This study uses an illustrative example and a simulation in order to (a) illustrate the extent to which the ML test statistic will be inflated, (b) demonstrate how item ICC and within-group sample size influence the distribution of T_ML , (c) investigate the performance of several alternative test statistics—specifically T_RML , T_RADF , and T_CRADF —under a broader range of conditions, particularly those that are frequently encountered in survey-based research on classroom climate. The empirical example comes from the Tripod Classroom Environment Survey (Ferguson, 2010), which is administered to measure aspects of classroom environment. Using the illustrative example and the simulation study, the following four research questions were addressed:

Research Question 1: To what extent can inferences about the measurement structure of the Tripod Classroom Environment Survey based on T_ML differ from those based on residual-based and rescaled test statistics?

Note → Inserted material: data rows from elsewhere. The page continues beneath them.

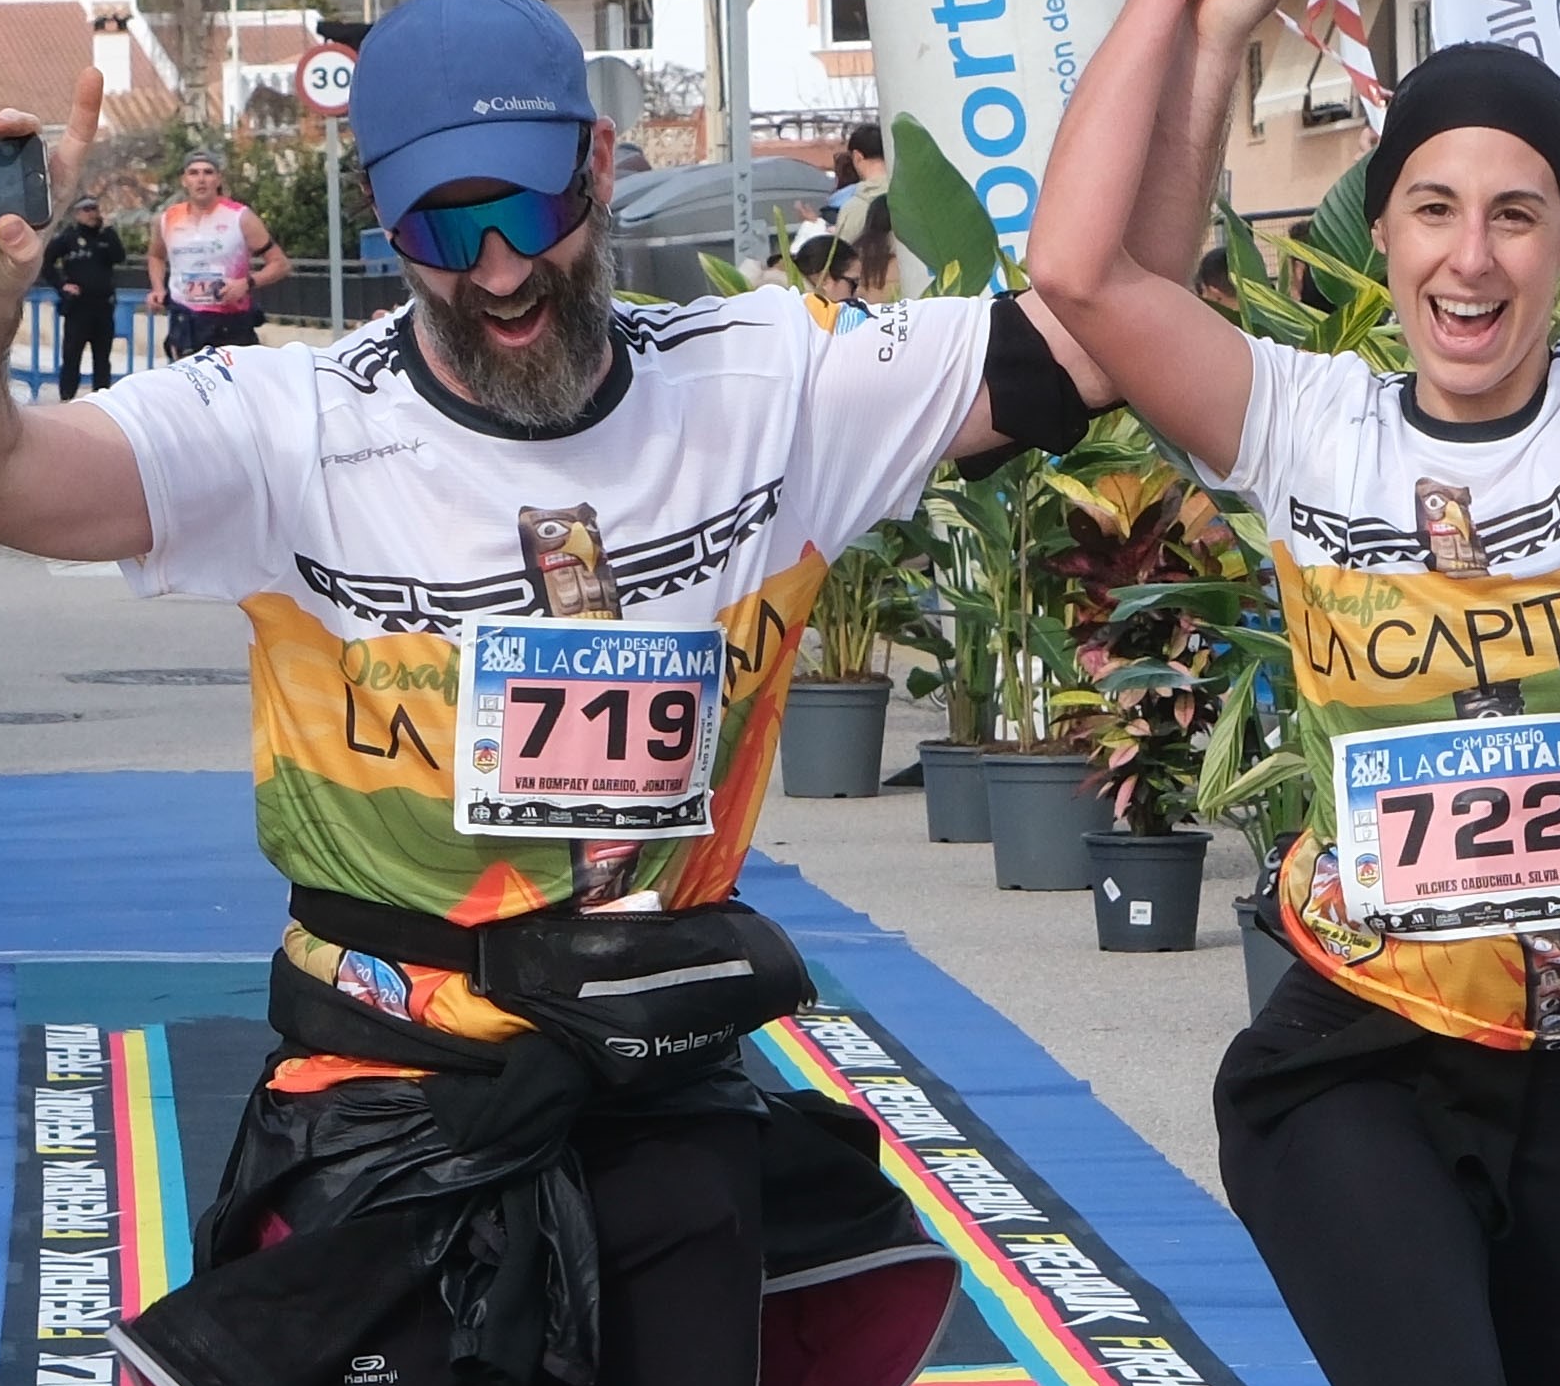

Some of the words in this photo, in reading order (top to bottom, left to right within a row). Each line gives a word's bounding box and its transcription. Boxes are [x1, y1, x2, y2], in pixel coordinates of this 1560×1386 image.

[312, 67, 351, 90] 30
[491, 95, 557, 113] Columbia
[624, 636, 677, 652] DESAFÍO
[1304, 610, 1356, 681] LA
[481, 657, 526, 672] 2026
[345, 683, 440, 769] LA
[511, 687, 696, 761] 719
[1486, 728, 1544, 747] DESAFÍO
[515, 776, 535, 790] VAN
[1351, 770, 1391, 788] 2026
[1416, 879, 1458, 896] VILCHES
[1528, 869, 1559, 885] SILVIA
[357, 965, 370, 982] 20
[381, 988, 399, 1004] 26
[655, 1024, 735, 1056] Kalenji
[35, 1085, 112, 1154] FIREHAWK
[42, 1160, 125, 1238] FIREHAWK
[848, 1076, 967, 1142] FIREHAWK
[916, 1148, 1050, 1225] FIREHAWK
[997, 1234, 1150, 1328] FIREHAWK
[38, 1245, 124, 1339] FIREHAWK
[344, 1369, 399, 1386] Kalenji

Research Question 2: Is there a loss of estimator efficiency in using the segregating method, as compared to the partially saturated model method (e.g., Hox, 2010; Muthén, 1994, Ryu & West, 2009) described previously?

Research Question 3: How do item ICC and within-group sample size influence the distribution of T_ML ? How do item ICC and within-group sample size influence the differences between the two estimated matrices, $W_{B}^{- 1}$ and ${\hat{Γ}}_{B}$ ?

Research Question 4: How do T_RML , T_RADF , and T_CRADF perform under a broader range of conditions, particularly those that are frequently encountered in survey-based research on classroom climate?

Method

Data Sources

The Tripod Classroom Environment Survey

The Tripod Survey (Ferguson, 2010) is designed to assess seven dimensions of teaching practice, often referred to as the “Seven Cs”: caring, captivating, conferring, clarifying, challenging, controlling, and consolidating. This version of the Tripod Survey was administered in an urban school district in California in 2010. This example uses 5 items from the “challenging” dimension that are rated on 5-point scales (1 = totally untrue and 5 = totally true). The sample used in this analysis contained 5,508 students in 285 classrooms. The average classroom size was approximately 17 students. Students are treated as nested within classrooms, and it is assumed that each student has rated only one classroom. Descriptive information about the survey items is summarized in Table 1.

Table 1

Descriptive Statistics for Tripod Survey Variables

Item		Mean	SD	ICC
1	My teacher asks questions to be sure we are following along when he or she is teaching	4.11	0.40	.07
2	My teacher asks students to explain more about answers they give	3.93	0.39	.10
3	In this class, my teacher accepts nothing less than our full effort	3.93	0.46	.13
4	My teacher doesn’t let people give up when the work gets hard	4.07	0.38	.10
5	My teacher wants us to use our thinking skills, not just memorize things	3.95	0.42	.12

Note. SD = standard deviation; ICC = intraclass correlation.

Simulated data sets

Data were generated from multivariate normal distributions and a population model with two within-level factors and one between-level factor. This population model was selected because several sources suggest that the between-level factor structure is likely to be simpler than the structure at the within level (e.g., Holfve-Sabel & Gustaffson, 2005; Muthén & Asparouhov, 2011). Simulation conditions were selected in order to reflect the conditions commonly reported in survey-based research on classroom climate. The following four conditions were manipulated: (1) item ICCs (ICC = .50, ICC = .26, ICC = .10, and ICC = .05), (2) Level 2 sample size (J = 100, J = 200, and J = 500), (3) group size (n = 10, n = 30, and n = 50), and (4) the size of the measurement model (df = 9, df = 54, and df = 135).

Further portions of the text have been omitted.